陽虚の薬

「人参湯」(にんじんとう)が、人参を主薬とした、

「脾」の陽虚に対する薬とすれば、

「真武湯」(しんぶとう)は、附子(ブシ)を主薬とする

「腎」の陽虚の薬となります。

陽虚による冷え(虚寒)と、

陽虚による浮腫(水滞)に対する代表的な処方です。

 

真武湯の構成は、附子・茯苓・白朮・芍薬・甘草でなっています。

『傷寒論』の処方であり、別名「温陽利水湯」といいます。

 

 

かんたんに陽虚とは

まず虚証のうち、気虚と陽虚は、いずれも陽気が不足した状態です。

気虚は、一般的に、元気がない、疲れやすい、などのことで、

陽虚の場合は、気虚の程度はさらにすすみ、

寒がる、冷える、寒冷を嫌い、温暖を好む、という寒証が加わる状態です。

エネルギー代謝の衰えや、臓腑の機能低下、循環不良などが原因だと考えられます。

 

附子は、新陳代謝(エネルギー代謝)の衰えによる冷えを改善します。

体力の低下した虚弱な人で、

疲れやすい、元気がない、

冷え、寒がり、

などというのは、一般的に陽虚の症状で、高齢になるほどその症状がみられます。

附子は全身のエネルギー代謝を促進し、生姜とともに身体を温めます。

 

身体の機能の低下に伴い、

水の循環が悪くなり、

むくみ(特に下半身)がでたり、

下痢しやすい、

めまい感、ふらつき感(動揺感)、など

水滞(水毒)の症状がみられることがあります。

 

附子は、

新陳代謝を高め、エネルギー代謝を促進し温め、

さらに全身機能を補い、血流を促進し、低下した利尿の働きを助けます。

そこへ茯苓・白朮が加わり、消化管や組織の過剰な水もさばき、水滞の症状も改善します。

(※「真武湯」の名前の由来は、水をつかさどる神である「玄武」からきています。

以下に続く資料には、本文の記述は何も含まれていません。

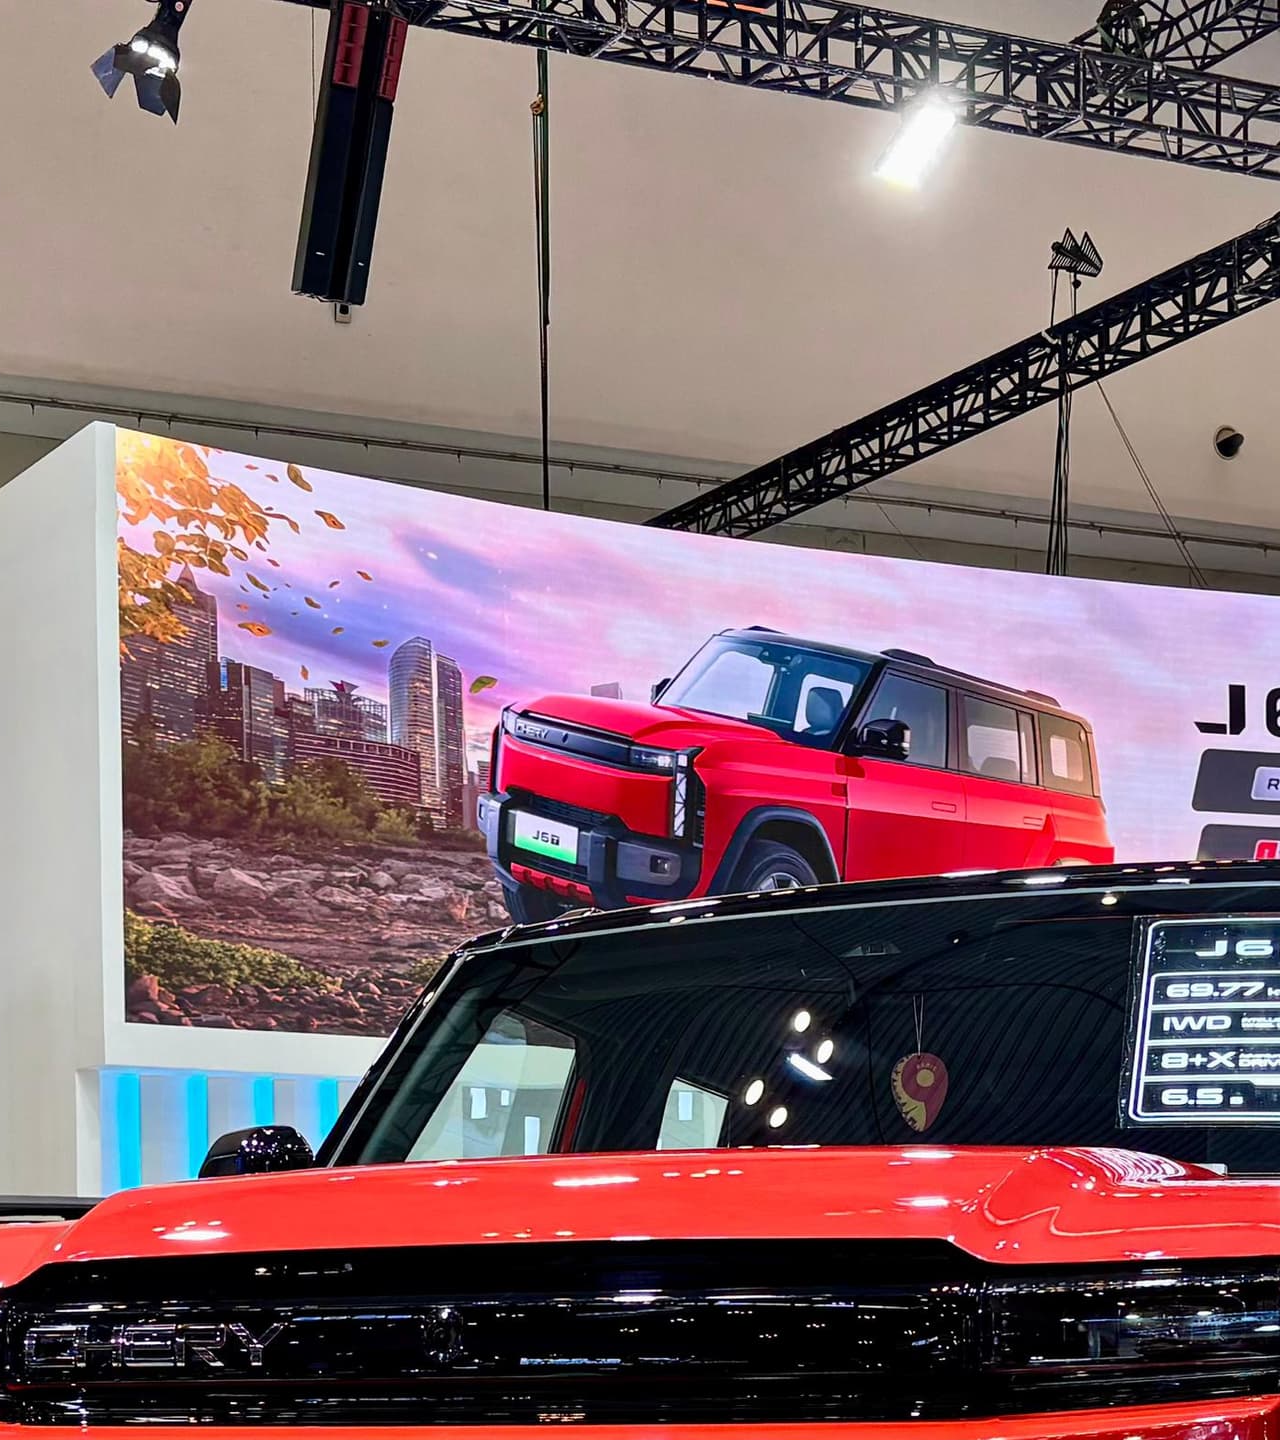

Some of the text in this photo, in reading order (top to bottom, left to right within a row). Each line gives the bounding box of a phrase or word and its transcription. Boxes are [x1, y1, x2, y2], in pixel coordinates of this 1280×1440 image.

[1166, 982, 1265, 998] 69.77
[1163, 1015, 1232, 1031] IWD
[1161, 1051, 1237, 1068] 8+X
[1161, 1088, 1224, 1105] 6.5
[24, 1323, 288, 1367] CHERY
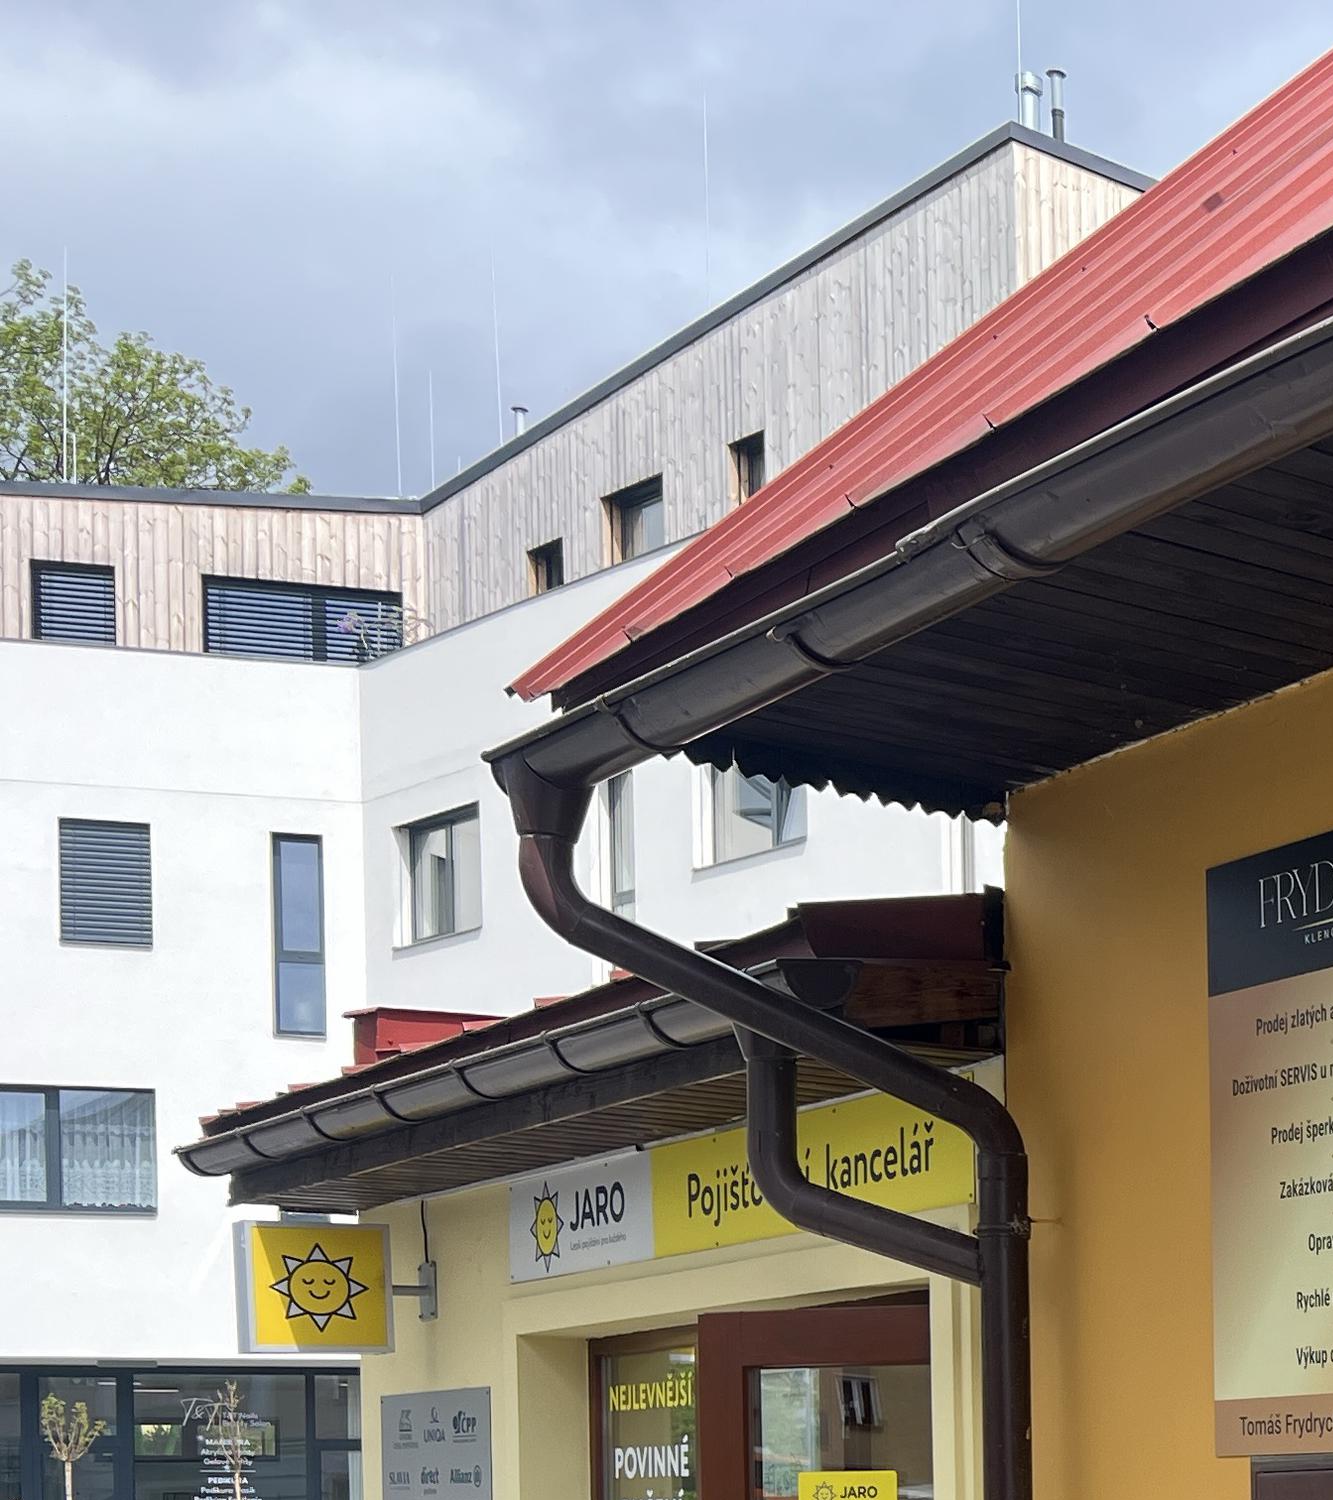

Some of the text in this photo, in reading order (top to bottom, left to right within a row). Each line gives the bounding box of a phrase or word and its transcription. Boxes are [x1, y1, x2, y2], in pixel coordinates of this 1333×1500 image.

[1256, 1015, 1288, 1036] Prodej
[1291, 1004, 1327, 1029] zlatých
[1232, 1069, 1278, 1096] Doživotní
[1280, 1063, 1318, 1087] SERVIS
[1321, 1066, 1327, 1079] u
[1271, 1122, 1304, 1145] Prodej
[825, 1121, 934, 1191] kancelář
[1279, 1173, 1333, 1200] Zakázková
[569, 1181, 625, 1231] JARO
[1296, 1288, 1330, 1313] Rychlé
[1296, 1346, 1328, 1369] Výkup
[609, 1372, 692, 1411] NEJLEVNĚJŠÍ
[1239, 1414, 1282, 1436] Tomáš
[614, 1434, 690, 1480] POVINNÉ
[840, 1486, 878, 1499] JARO

)

 

芍薬は、陰を補う生薬で、この場合、発汗や利水により陰液が失われないようにする役目があります。

 

ということで、「真武湯」は、冷えと、冷えて起こる浮腫や下痢に効果が期待できます。

 

※腎陽虚(冷え)による下痢は、消化不良による下痢であり、

冷えるほど下痢はひどくなる傾向があり、

明け方に下痢をすることが多いとされています。